Anyways, without trunking configured, the switches can talk and the 2950 can see the world (can get to the router on the other side of the 3550). As soon as I configure trunking on the link, they can no longer see each other. A show cdp nei command is successful, but no vtp information is passed. The parent 3550 is set to vtp server and the new 2950 is set to client.

So I'm just putting my feelers out there to see if anyone has run across perhaps this same issue.

"Be the packet."
 
One of my co-workers suggested this theory...

The parent 3550 has a maximum of 254 VLANs.
The new 2950 has a maximum of 64 VLANs.

If the VLAN numbers that are in the parent 3550's database are all....for example 100 and higher, does that have anything to do with the 2950's in-ability to see them?

What he's saying is that the 3550 would be able to see VLANs 1-254, whereas the 2950 can only see VLANs 1-64 so the only VLANs that could be shared between these two switches would be any VLAN numbered 1-64.

No right? The maximum number of VLANs pertains to a physical count, irregardless of the actual VLAN number correct?

"Be the packet."
 
Please post your 3550 and 2950 trunk configurations.

You can number the VLANs over 100 and their fine. Your 2950 (SMI image) supports a maximum of 64 vlans, but as long as you don't go over id 1001 you should be fine.
 
Unfortunately, I won't be able to post the configs due to legal reasons, but I believe I found the answer last night digging around on Cisco. It appears as though the 2950s are only capable of using 801.q encapsulation, conforming to me finding that I was unable to set the encapsulation type......it defaults to 801.q.....being a cisco product I assumed it would default to isl. --------Brainstorm--------If when producing this 2950, the designers decided to only allow one encapsulation type, it would make sense to only allow 801.q so that the device could still communicate with non-cisco devices because if you hooked it up to another cisco device, you could always set that one to 801.q, but if you hooked it up to a non-cisco device, you would not be able to set that device to isl. So the default encapsulation type on the 3550 is isl. I'm headed to work now and I'll set the encap type on the 3550 to 801.q and see if that does it.
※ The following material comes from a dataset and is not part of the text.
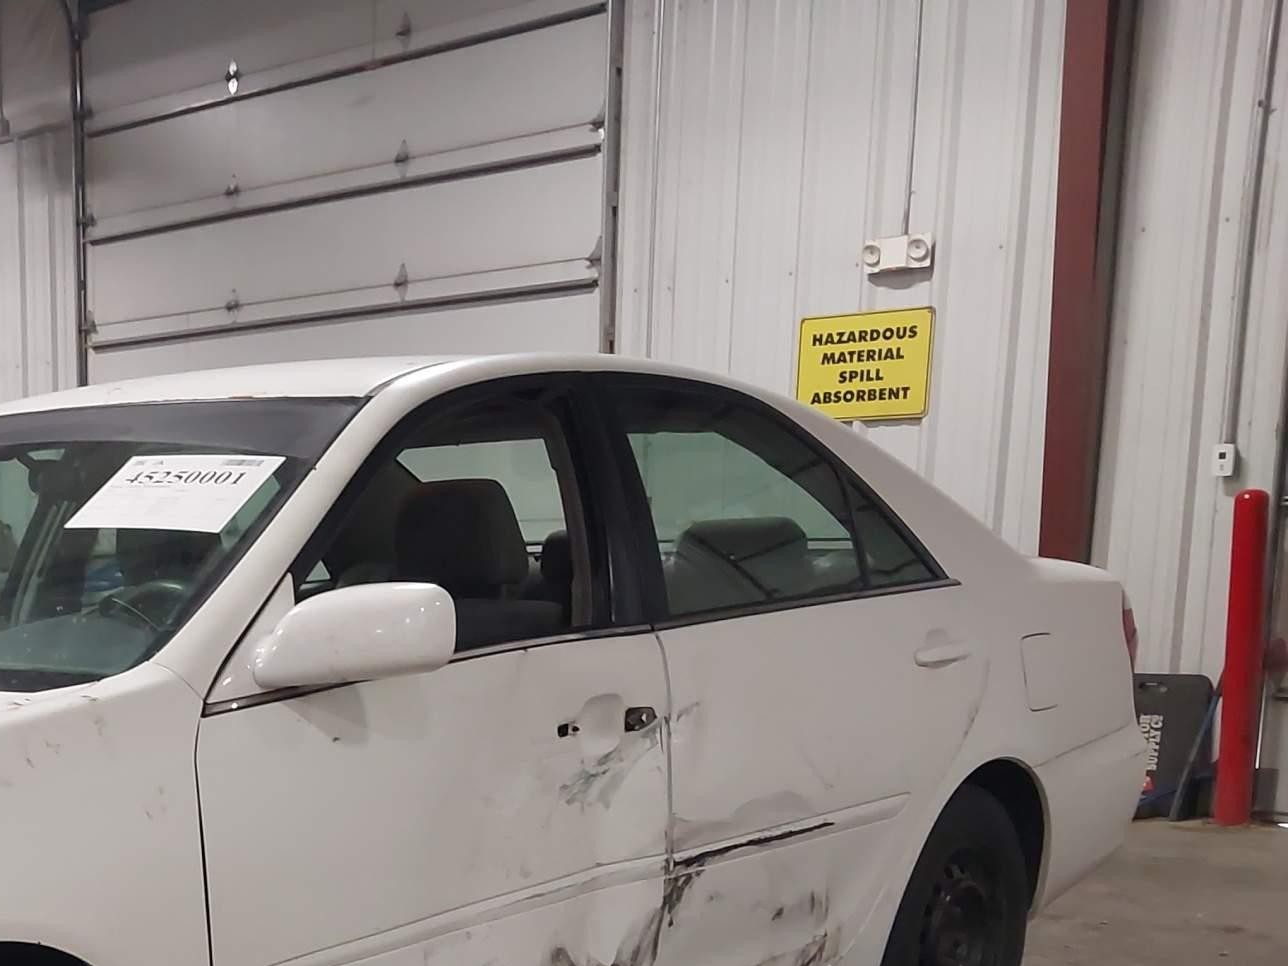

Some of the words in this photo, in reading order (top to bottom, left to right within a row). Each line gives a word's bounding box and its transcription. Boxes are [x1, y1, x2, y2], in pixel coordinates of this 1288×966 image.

Is 801.q standard better than isl? What's the detailed difference? Anyone know offhand?

"Be the packet."
 
802.1q and ISL both have their strengths and weaknesses. I beleive Cisco is trying to phase out ISL and switch over to 802.1q to be standardized with other vendors.
 
Just to let everyone know, it was as I presumed earlier. Once I configured the 3550 to use dot1q, it worked....interesting.

"Be the packet."
 
ISL adds length to the packet header. I think 30 to 40 bytes. Its cisco proprietary and causes headaches with none cisco devices.